Protein phosphatases are essential regulators of cellular signalling, yet their tissue-specific expression profiles and functional roles in cancer remain underexplored. This study aimed to systematically profile protein phosphatases expression across human tissues and malignancies to identify potential biomarkers. The transcriptomic data from GTEx, FANTOM, and HPA, were analysed assessing 265 protein phosphatases across 60 human tissues. Tissue specificity was quantified using the Tau index and coefficient of variation. Top candidates were further evaluated in TCGA and PCAWG cancer cohorts. Protein-level validation was performed using immunohistochemistry (IHC) data from HPA. Functional relevance was investigated through protein-protein interaction (PPI) network analysis and KEGG pathway annotations. G6PC1 emerged as the most liver-specific phosphatase (Tau > 0.99) with high inter-tissue expression variability. Its expression was sharply confined to liver tissue and retained in hepatocellular carcinoma (LIHC), with very low expression across other tumour types. IHC confirmed G6PC1 protein presence in liver cancer samples. PPI analysis positioned G6PC1 as a central metabolic regulator, interacting with key enzymes involved in gluconeogenesis and glucose homeostasis.
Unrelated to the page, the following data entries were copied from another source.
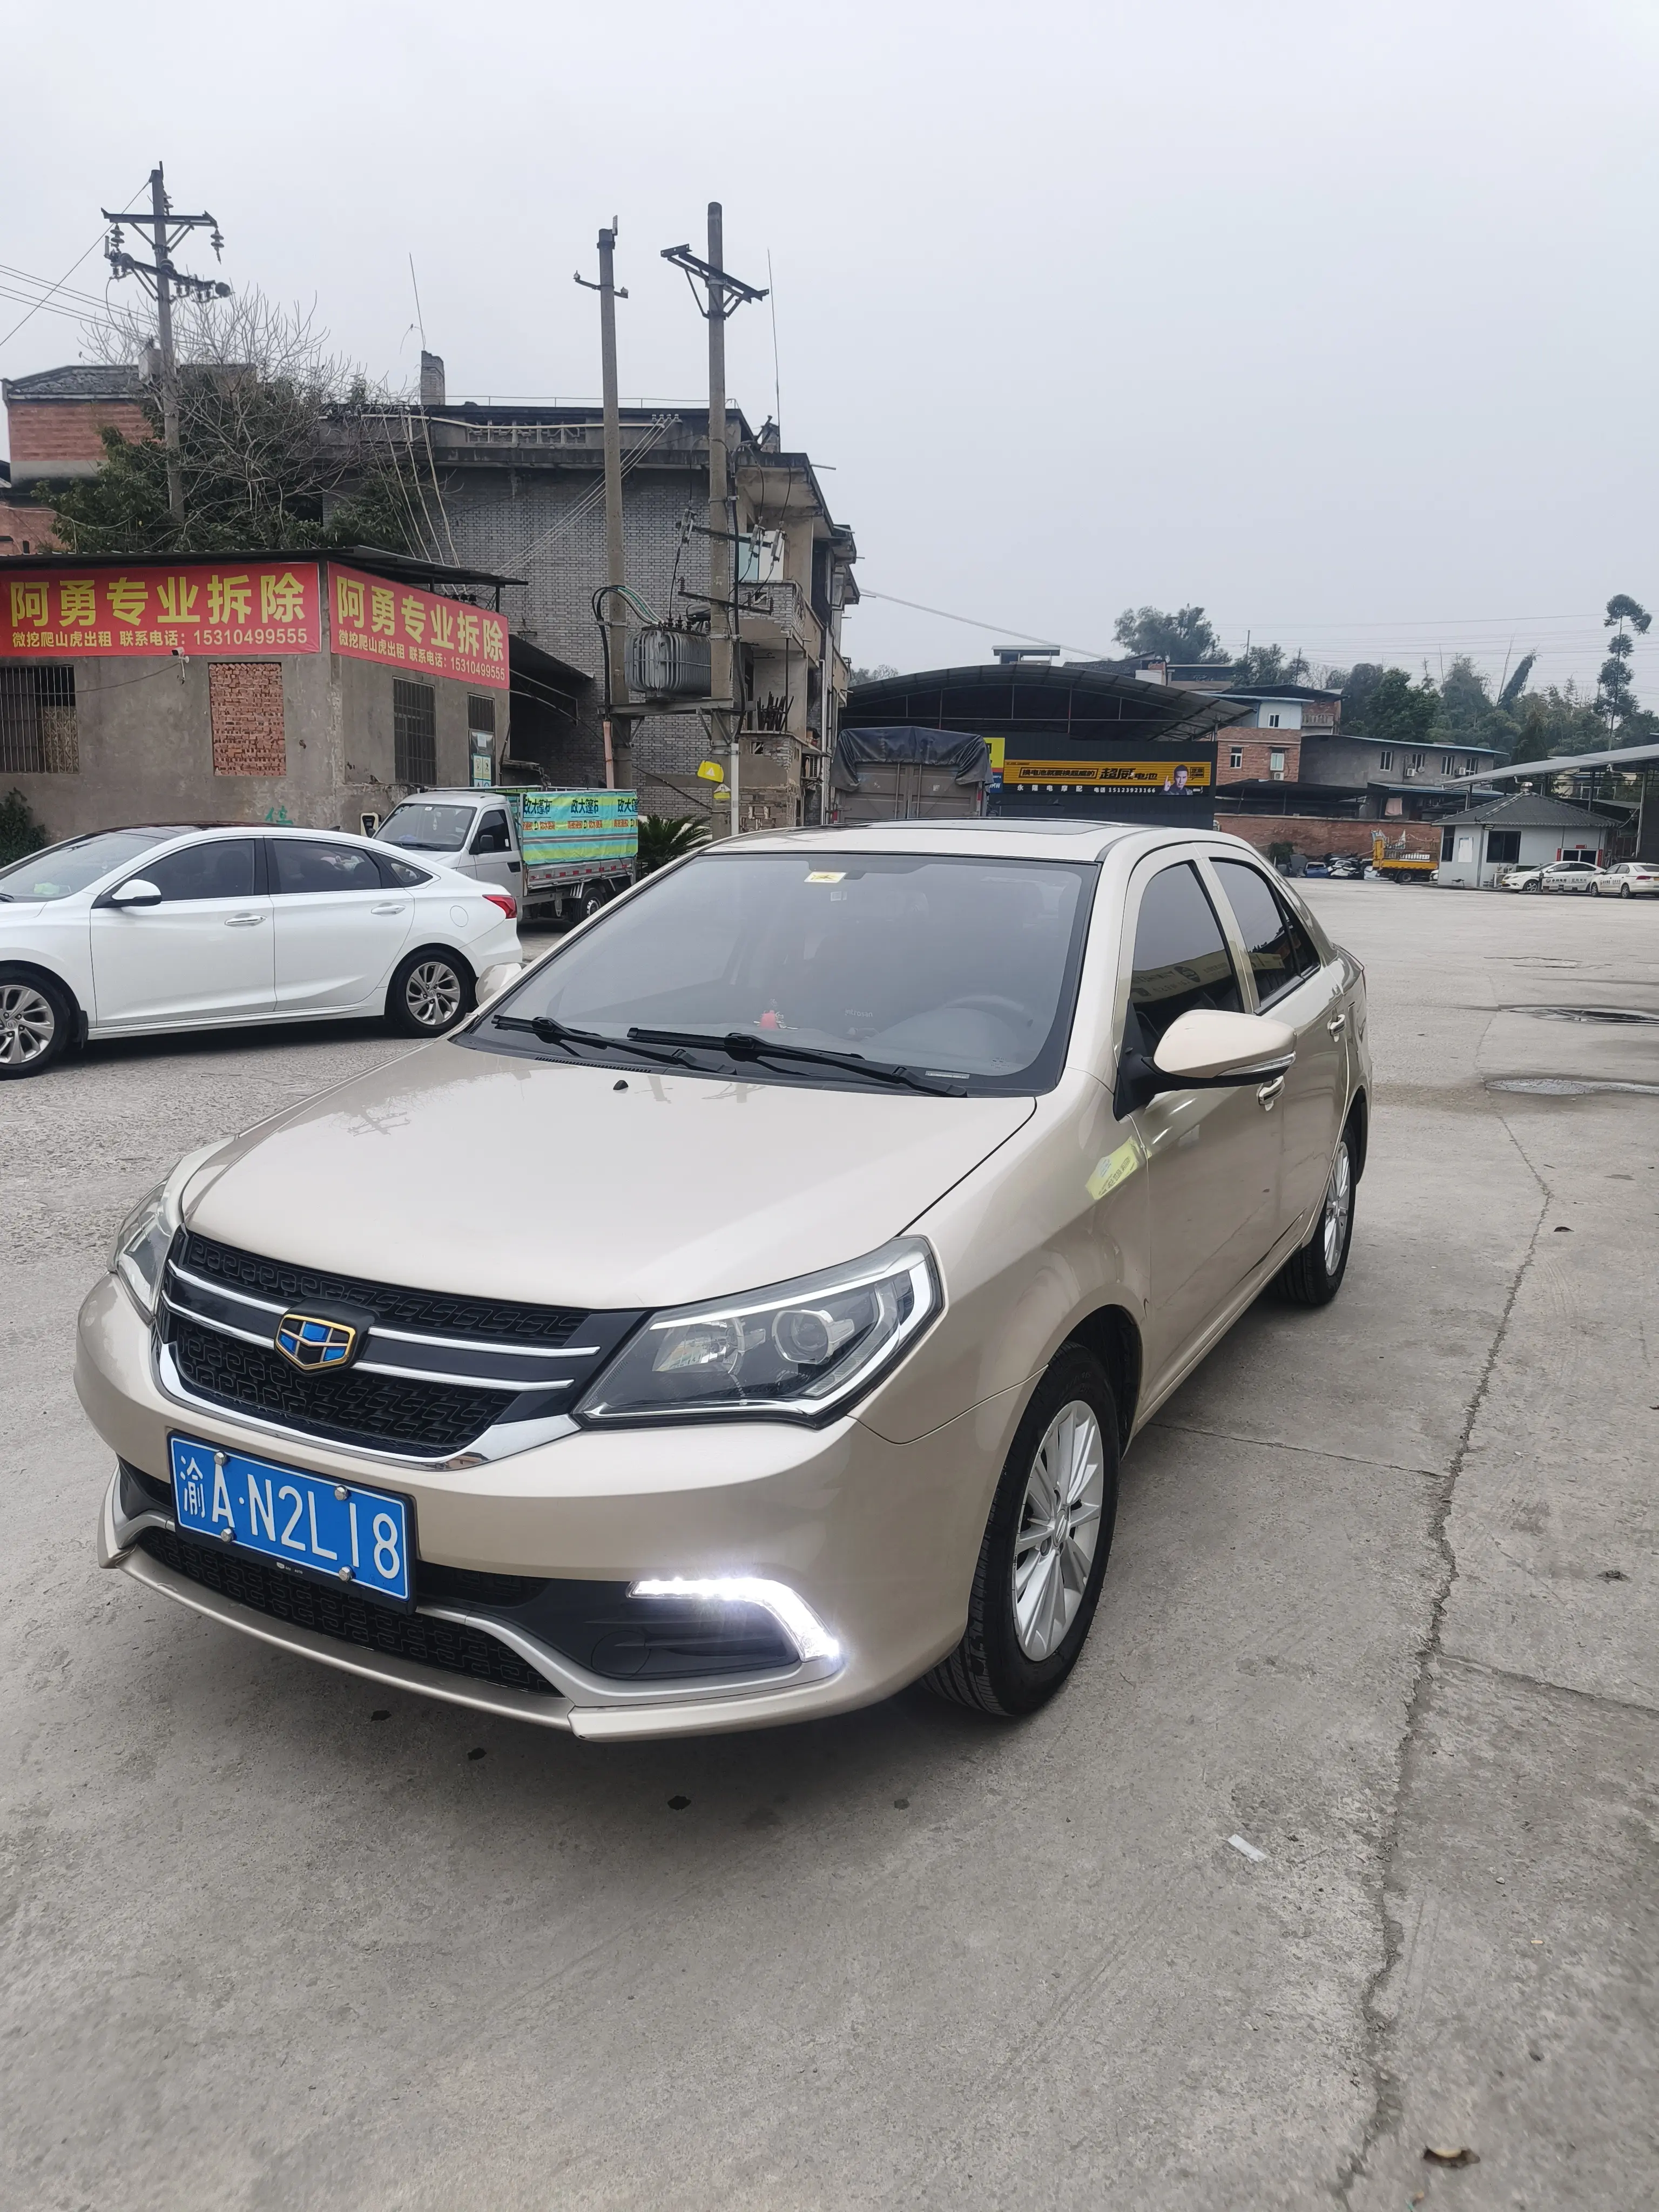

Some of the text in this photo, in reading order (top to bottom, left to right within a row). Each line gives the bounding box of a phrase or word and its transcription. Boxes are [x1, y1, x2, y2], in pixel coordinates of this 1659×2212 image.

[11, 572, 306, 627] 阿勇专业拆除
[337, 576, 504, 662] 阿勇专业拆除
[13, 631, 112, 648] 微挖爬山虎出租
[339, 629, 406, 659] 微挖爬山虎出租
[180, 1455, 400, 1579] 渝A·N2L18
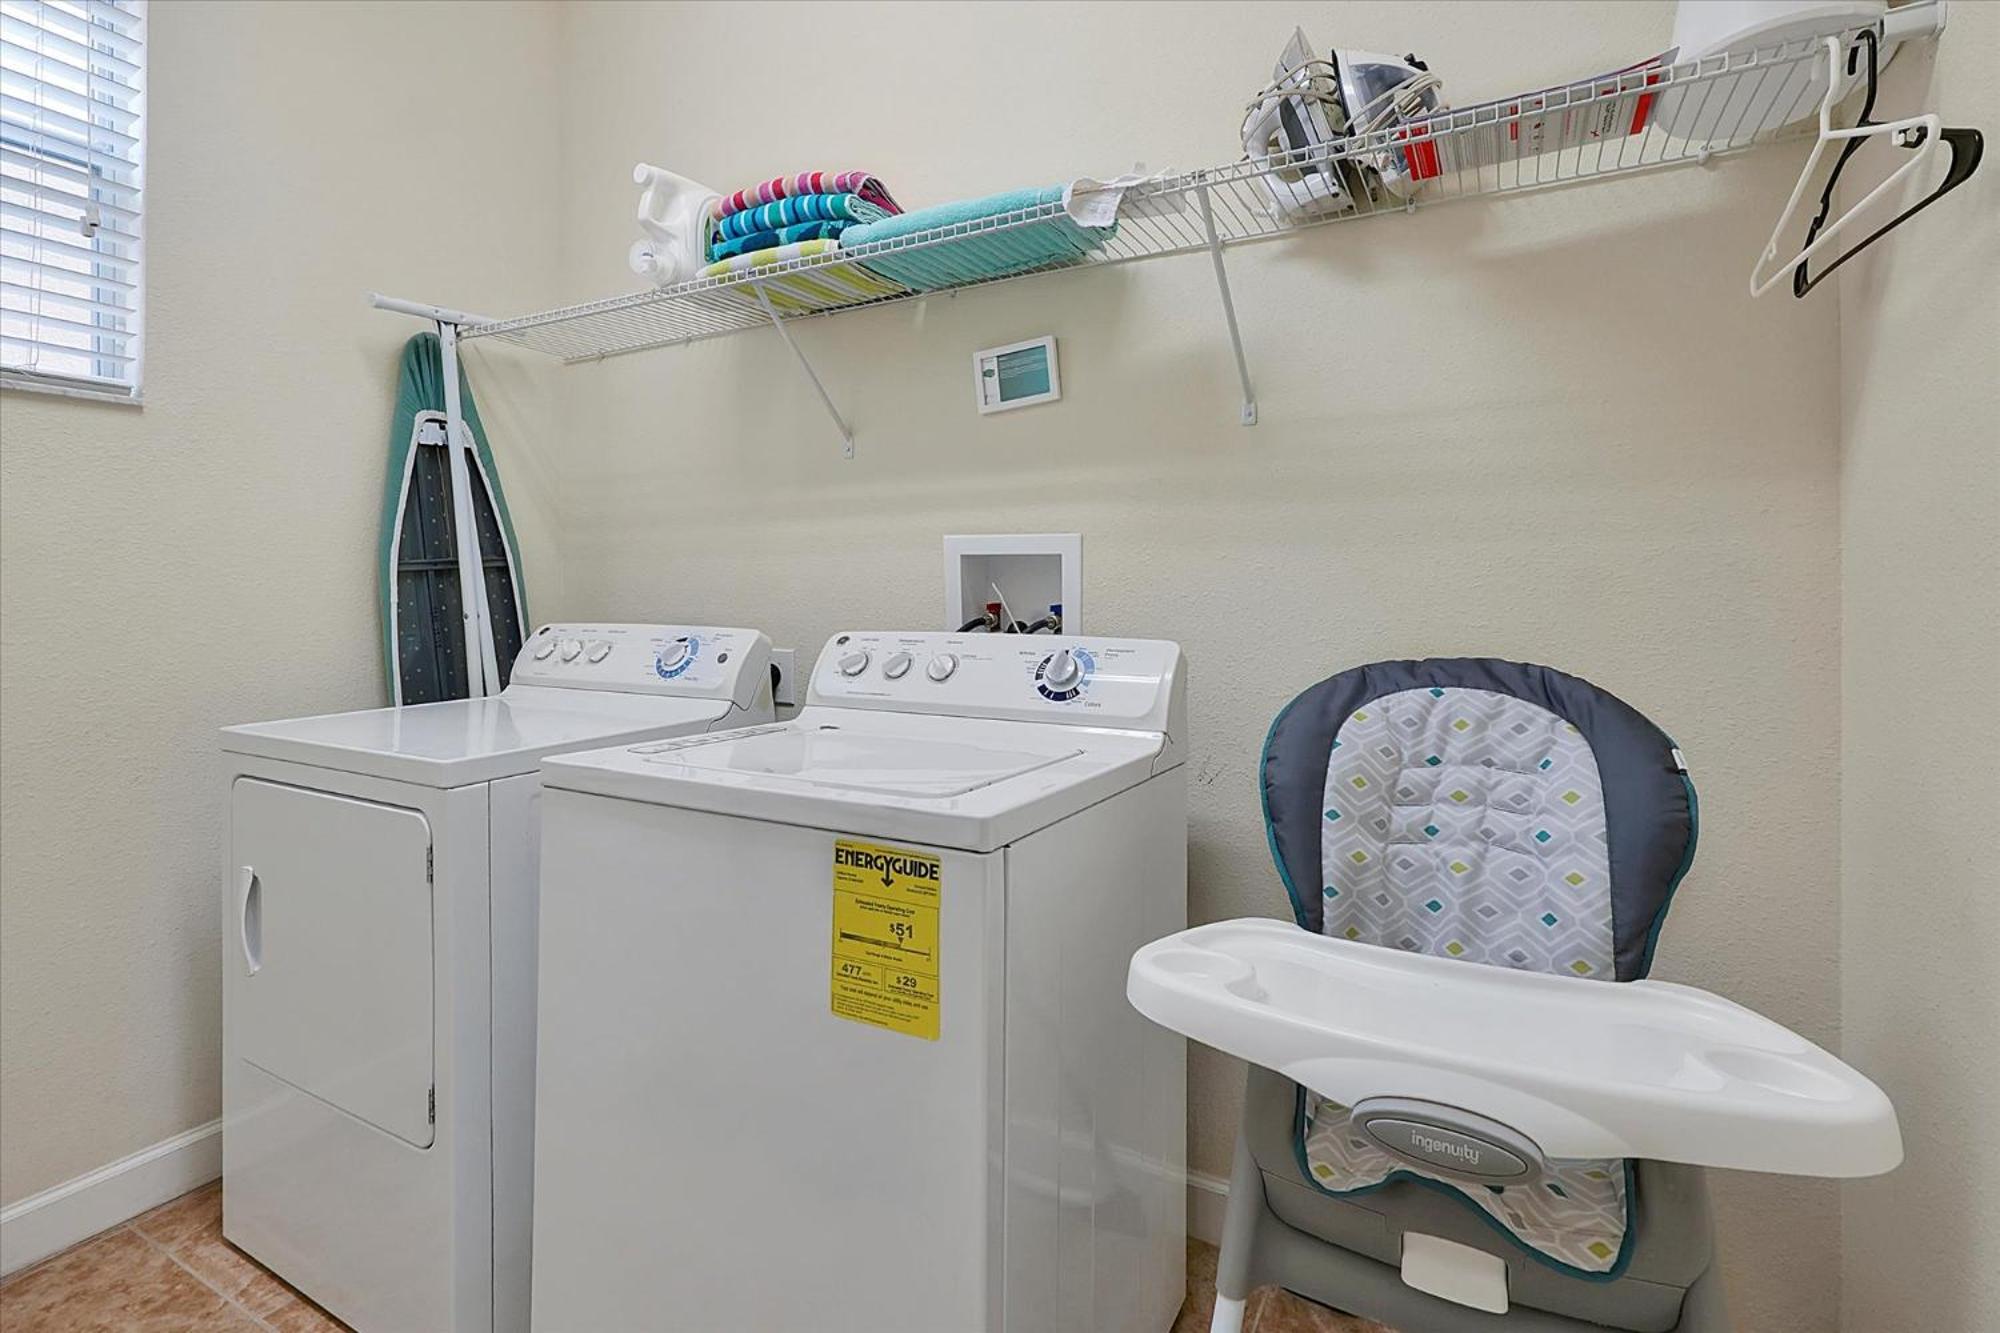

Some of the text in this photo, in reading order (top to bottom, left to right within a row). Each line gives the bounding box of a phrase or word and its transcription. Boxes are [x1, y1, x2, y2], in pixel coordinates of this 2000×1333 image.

[835, 847, 940, 882] ENERGYGUIDE
[889, 922, 913, 939] $51
[842, 963, 862, 976] 477
[1411, 1129, 1481, 1165] ingenuity
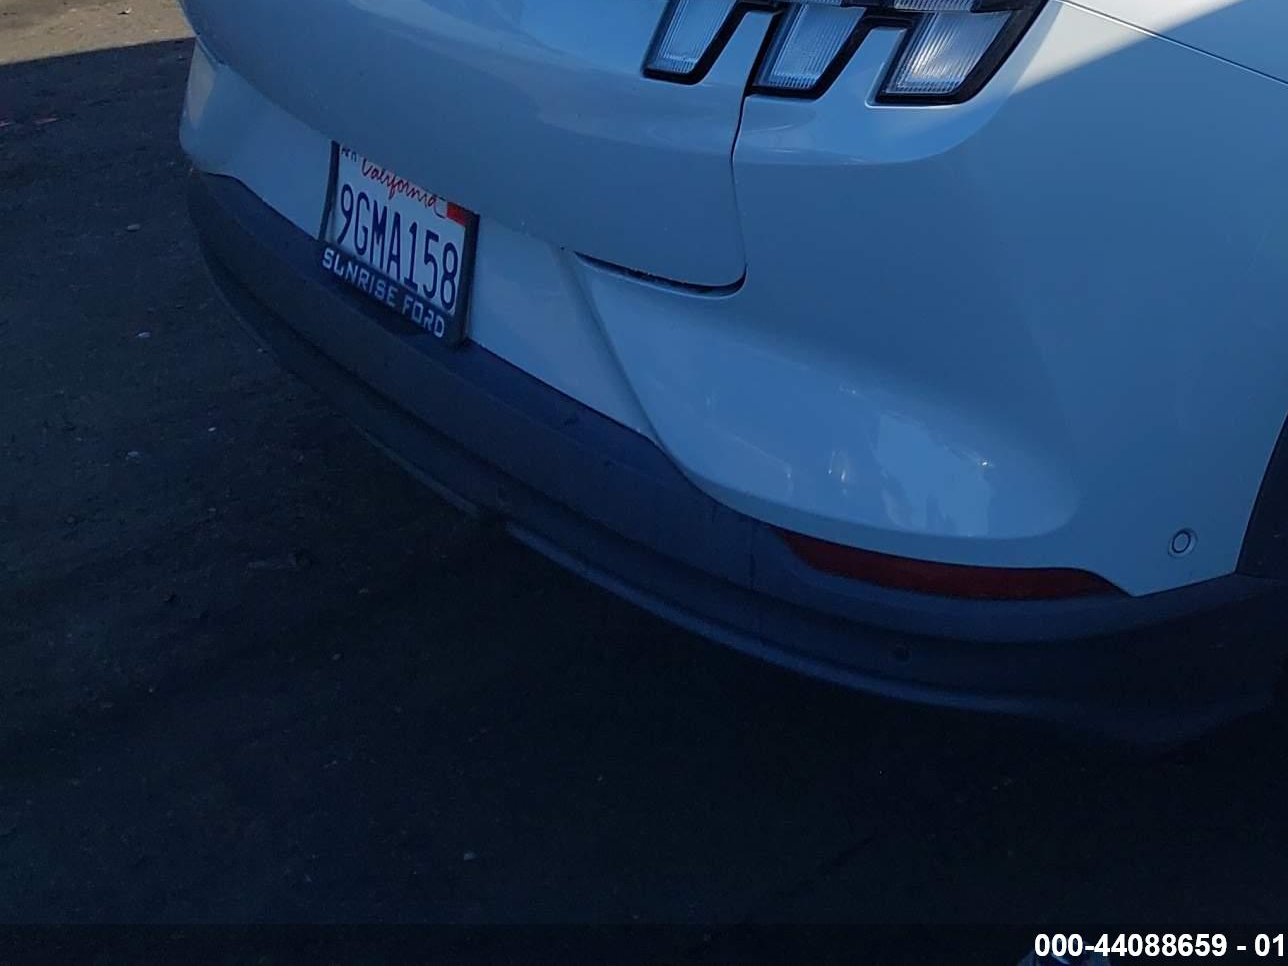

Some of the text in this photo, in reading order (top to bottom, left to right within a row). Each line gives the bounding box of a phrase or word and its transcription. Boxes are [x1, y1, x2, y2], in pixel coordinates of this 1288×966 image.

[321, 247, 446, 338] SUNRISE FORD
[336, 183, 459, 311] 9GMA158
Notably, G6PC1 expression remained stable across sex, age, tumour stage, ploidy, tumour purity, and tumour mutational burden (TMB) in PCAWG liver cancer patients. This integrative multi-omic analysis identifies G6PC1 as a highly liver-specific, biologically relevant, and potential diagnostic candidate for hepatocellular carcinoma. Its selective expression, protein-level detectability, and network centrality support its potential utility as a diagnostic candidate for liver cancer, warranting further experimental validation in independent clinical cohorts.